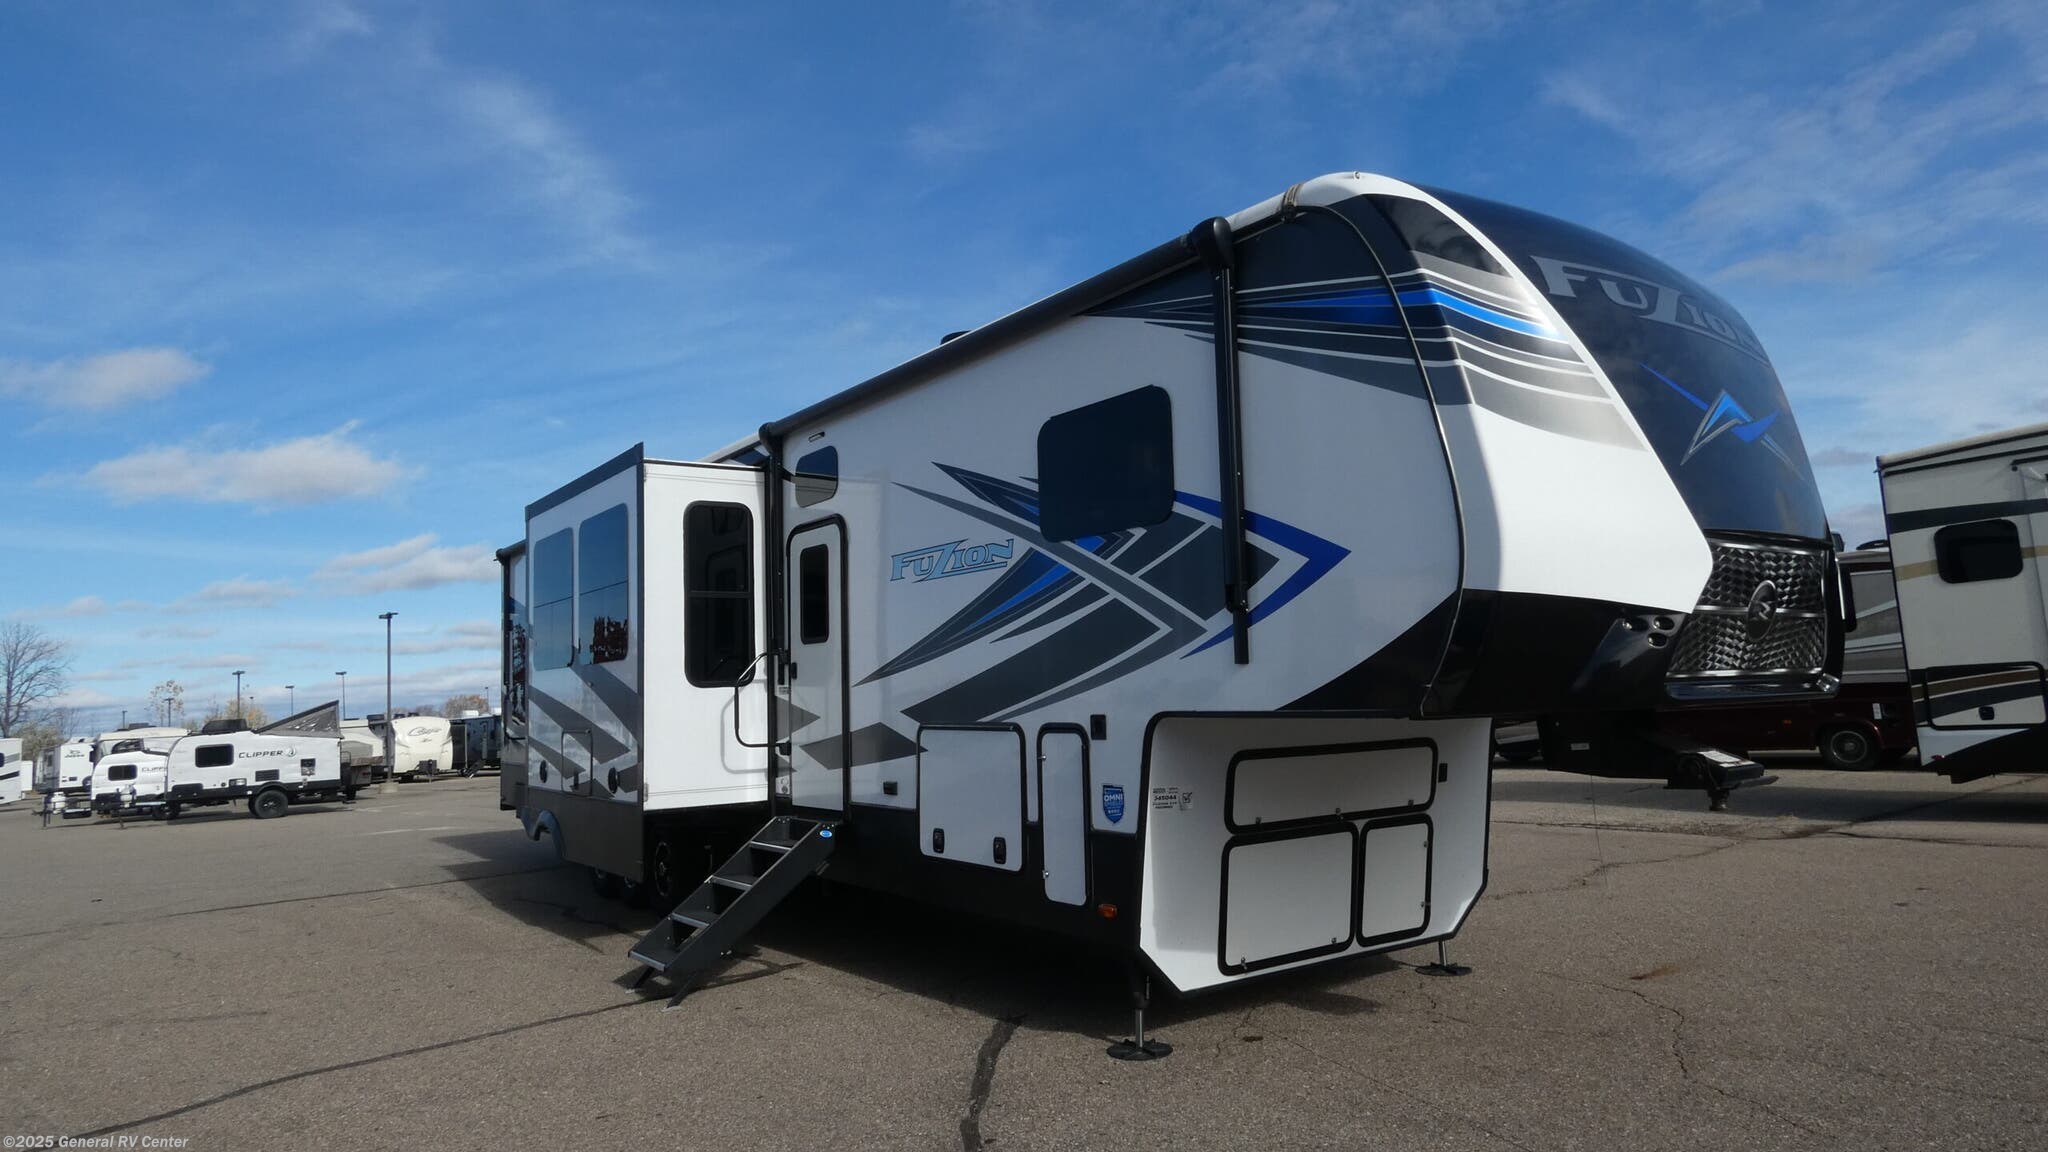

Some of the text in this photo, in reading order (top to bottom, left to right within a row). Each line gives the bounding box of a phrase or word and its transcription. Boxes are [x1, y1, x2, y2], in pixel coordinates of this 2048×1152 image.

[890, 538, 1014, 583] FUZION
[238, 750, 283, 759] CLIPPER
[1104, 793, 1123, 802] OMNI
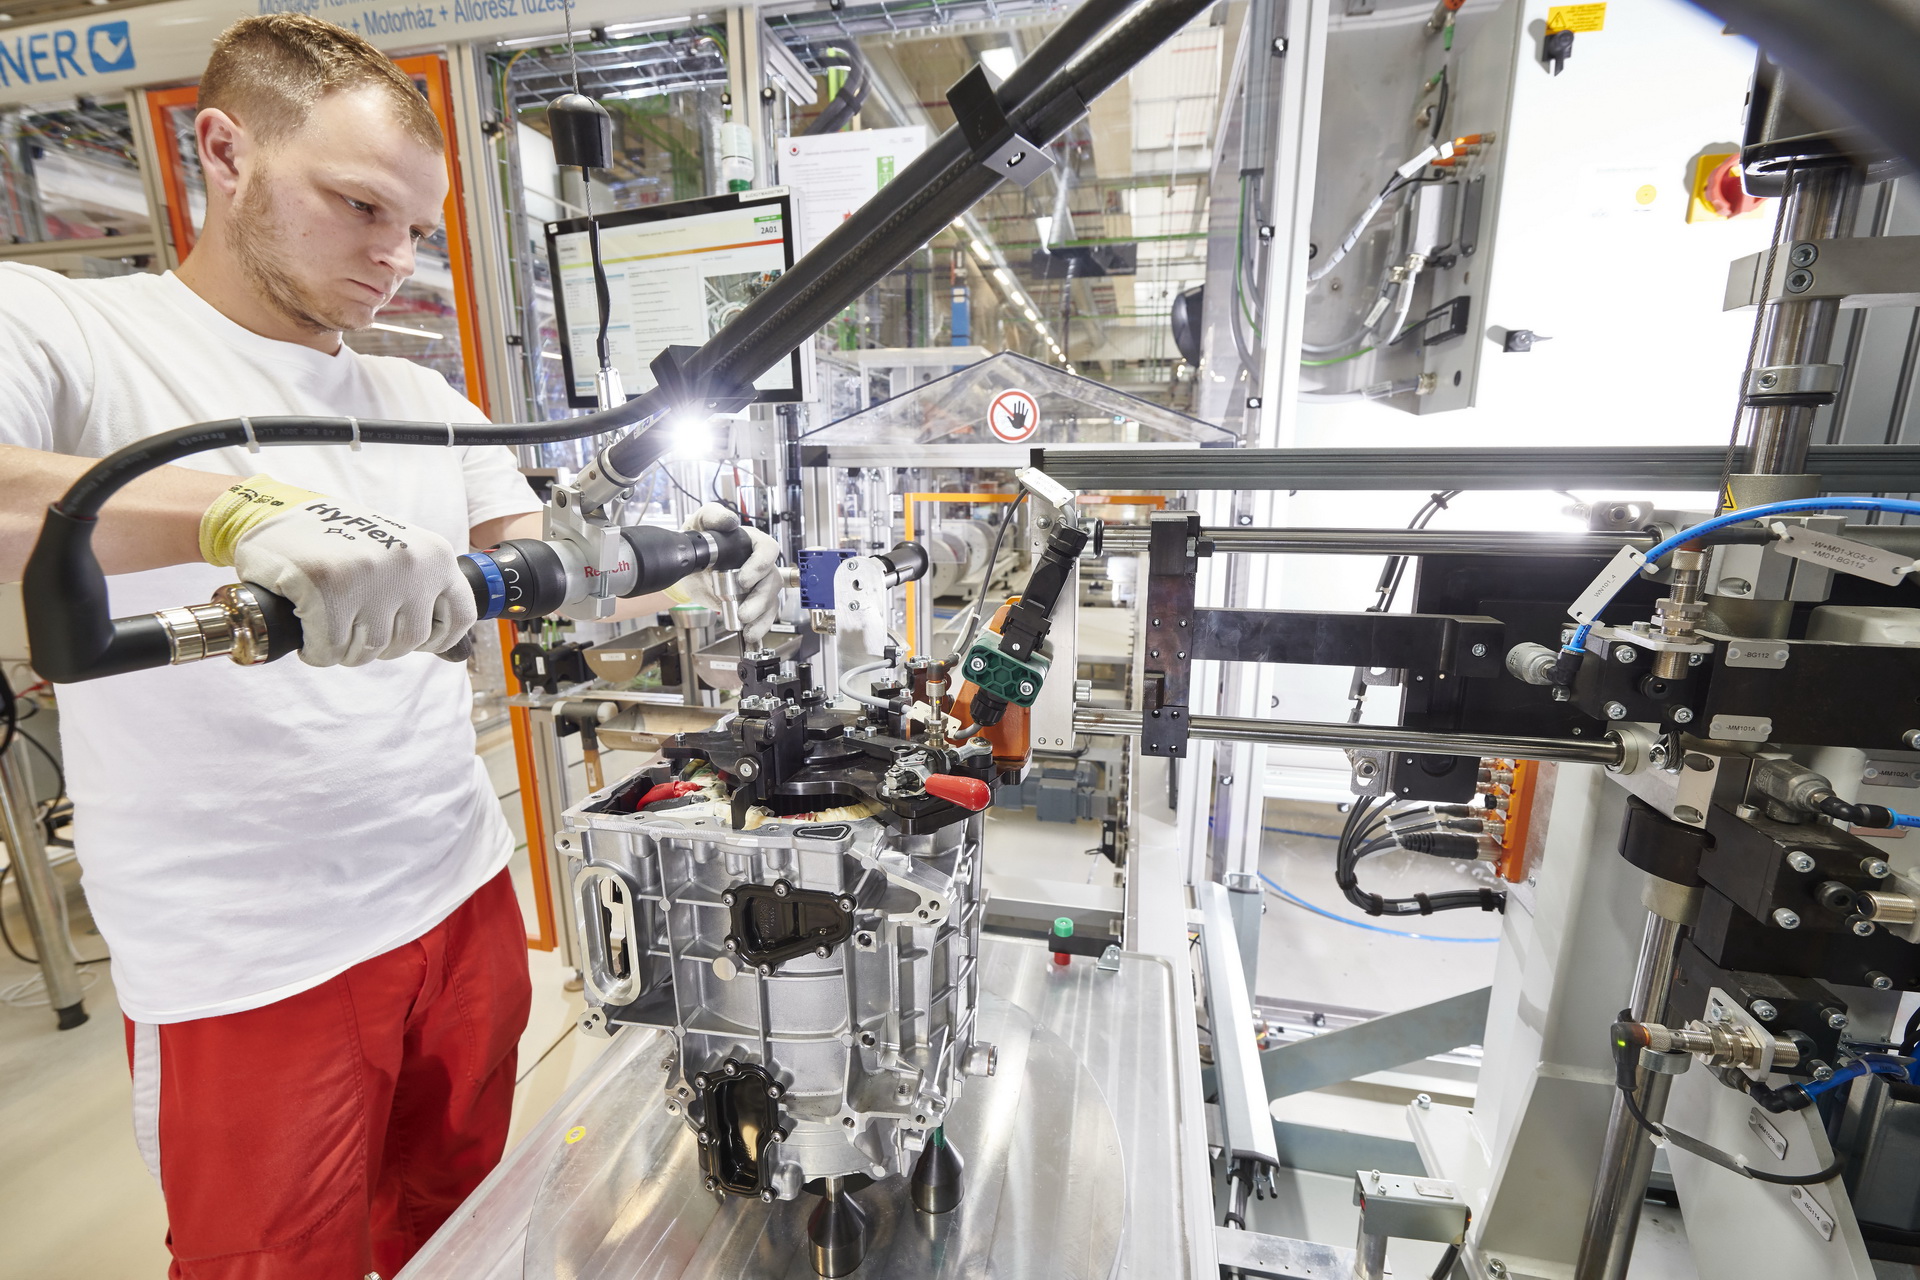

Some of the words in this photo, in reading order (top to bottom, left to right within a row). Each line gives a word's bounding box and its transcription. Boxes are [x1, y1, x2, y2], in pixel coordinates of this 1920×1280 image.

[363, 3, 437, 36] Motorház
[760, 226, 778, 235] 2A01
[1813, 550, 1866, 570] +M01-BG112
[583, 560, 630, 578] Reth
[1593, 574, 1617, 598] WN101_4
[1744, 651, 1770, 659] -BG112
[1726, 724, 1756, 732] -MM101A
[1878, 769, 1910, 778] -MM102A
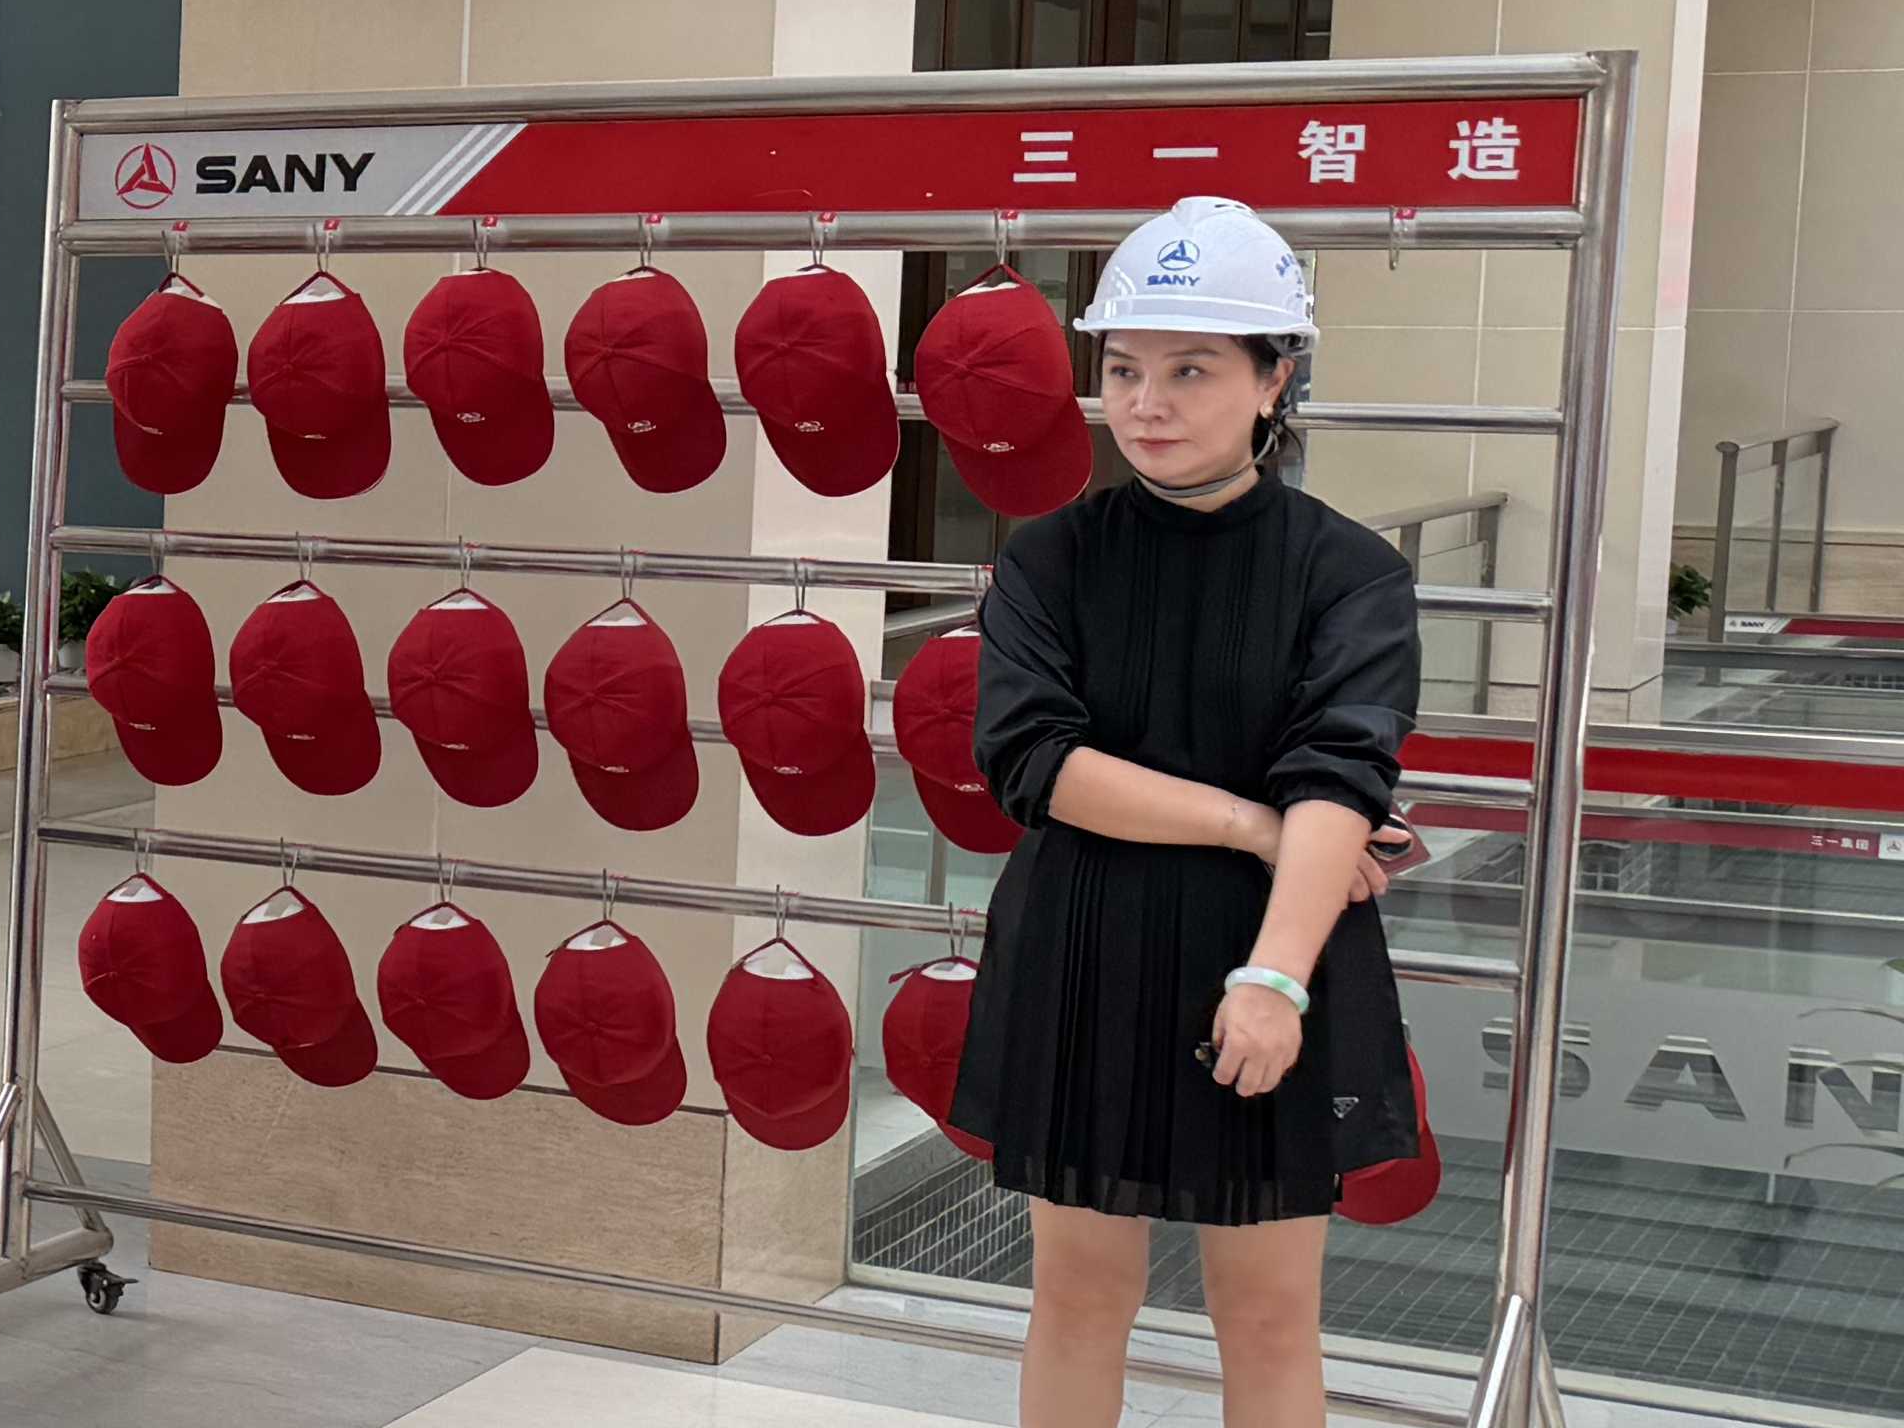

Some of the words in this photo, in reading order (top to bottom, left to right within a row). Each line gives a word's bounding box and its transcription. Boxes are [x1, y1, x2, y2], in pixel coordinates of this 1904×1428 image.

◆ Exercise details ◆
Pictures are not part of the answer. Restate word for word the lines from the one with "this 1920×1280 image." through the last line of the records.

◆ Written answer ◆
Some of the words in this photo, in reading order (top to bottom, left to right within a row). Each line gives a word's bounding box and its transcription. Boxes are [x1, y1, x2, y2], in pixel coordinates of this 1920×1280 image.

[363, 3, 437, 36] Motorház
[760, 226, 778, 235] 2A01
[1813, 550, 1866, 570] +M01-BG112
[583, 560, 630, 578] Reth
[1593, 574, 1617, 598] WN101_4
[1744, 651, 1770, 659] -BG112
[1726, 724, 1756, 732] -MM101A
[1878, 769, 1910, 778] -MM102A

Some of the words in this photo, in reading order (top to bottom, left to right within a row). Each line gives a word's bounding box and its transcription. Boxes are [x1, y1, x2, y2], in pixel coordinates of this 1904×1428 image.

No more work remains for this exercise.